MUMBAI : Clouds of a disappointing monsoon season are hovering over the Indian economy. The pace of rainfall was a letdown in June, which typically marks the beginning of the monsoon season. But as the chart shows, the cumulative rainfall was in the deficit zone last month.
More importantly, the trend seen in June is a departure from India Meteorological Department's (IMD) initial forecast of an above-normal monsoon this year. Moreover, reservoir storage levels continue to fall. As of 27 June, storage in 146 key reservoirs stood at about 20% of total capacity (lower than the previous week's 21%), according to a Barclays report dated 1 July.
All eyes will now be on the rainfall trajectory in July given that most of the kharif crop sowing activity is completed by this period. Spatial distribution will also be a crucial factor to watch out for. Plus, whether the rainfall in July is able to compensate for the gap in June remains to be seen.
Monsoon patterns tend to have a direct impact on prices of agricultural products, mainly vegetables, fruits and pulses. A worry is that sticky and elevated prices of these items could trigger the food inflation menace. Thus, making it tricky for the Reserve Bank of India to decide on interest rate cuts.
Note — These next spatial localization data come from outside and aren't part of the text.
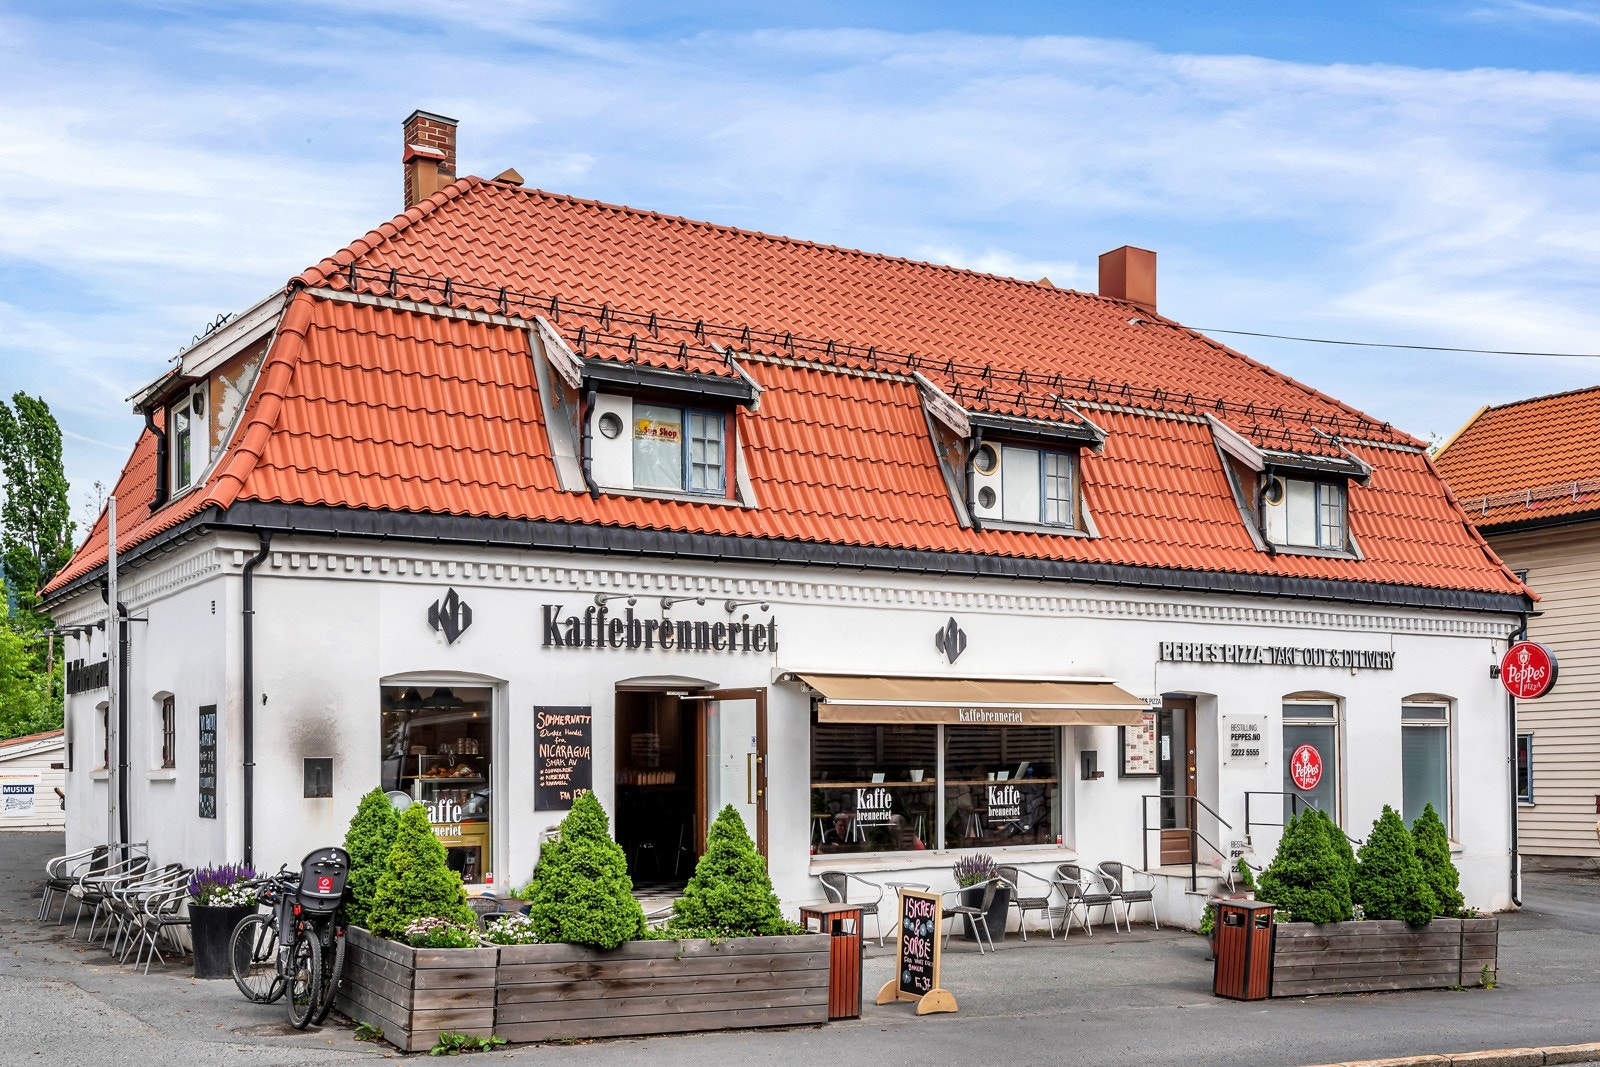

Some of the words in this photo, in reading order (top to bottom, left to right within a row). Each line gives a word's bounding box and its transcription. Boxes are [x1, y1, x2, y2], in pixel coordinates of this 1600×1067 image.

[542, 604, 778, 652] Kaffebrenneriet
[1160, 642, 1221, 663] PEPPES
[1223, 644, 1264, 664] PIZZA
[1268, 646, 1299, 665] TAKE
[1303, 647, 1328, 666] OUT
[1330, 648, 1340, 667] &
[1343, 649, 1396, 669] DELIVERY
[1507, 664, 1545, 683] Peppes
[536, 711, 592, 729] SOMMERNATT
[959, 708, 1023, 723] Kaffebrenneriet
[1231, 733, 1261, 741] PEPPES.NO
[539, 744, 590, 760] NICARAGUA
[1231, 748, 1245, 756] 2222
[1246, 748, 1260, 756] 5555
[545, 759, 566, 767] SMAK
[568, 758, 578, 766] AV
[1295, 761, 1319, 778] Peppes
[3, 786, 34, 794] MUSIKK
[856, 788, 892, 809] Kaffe
[988, 785, 1020, 805] Kaffe
[414, 799, 462, 823] affe
[857, 809, 892, 820] brenneriet
[989, 805, 1020, 817] brenneriet
[905, 898, 936, 921] ISKREM
[914, 919, 921, 936] &
Unfortunately, the adverse impact of heat waves seen in various parts of the country along with a weak start to the monsoon, is already being felt on prices of essential items. "Per National Horticulture Board, on a CPI (consumer price index) weighted basis vegetable prices are higher by 21% month-on-month, which is higher than seasonal," IDFC First Bank said in a report dated 28 June. The increase is led by the jump in prices of tomato and onion.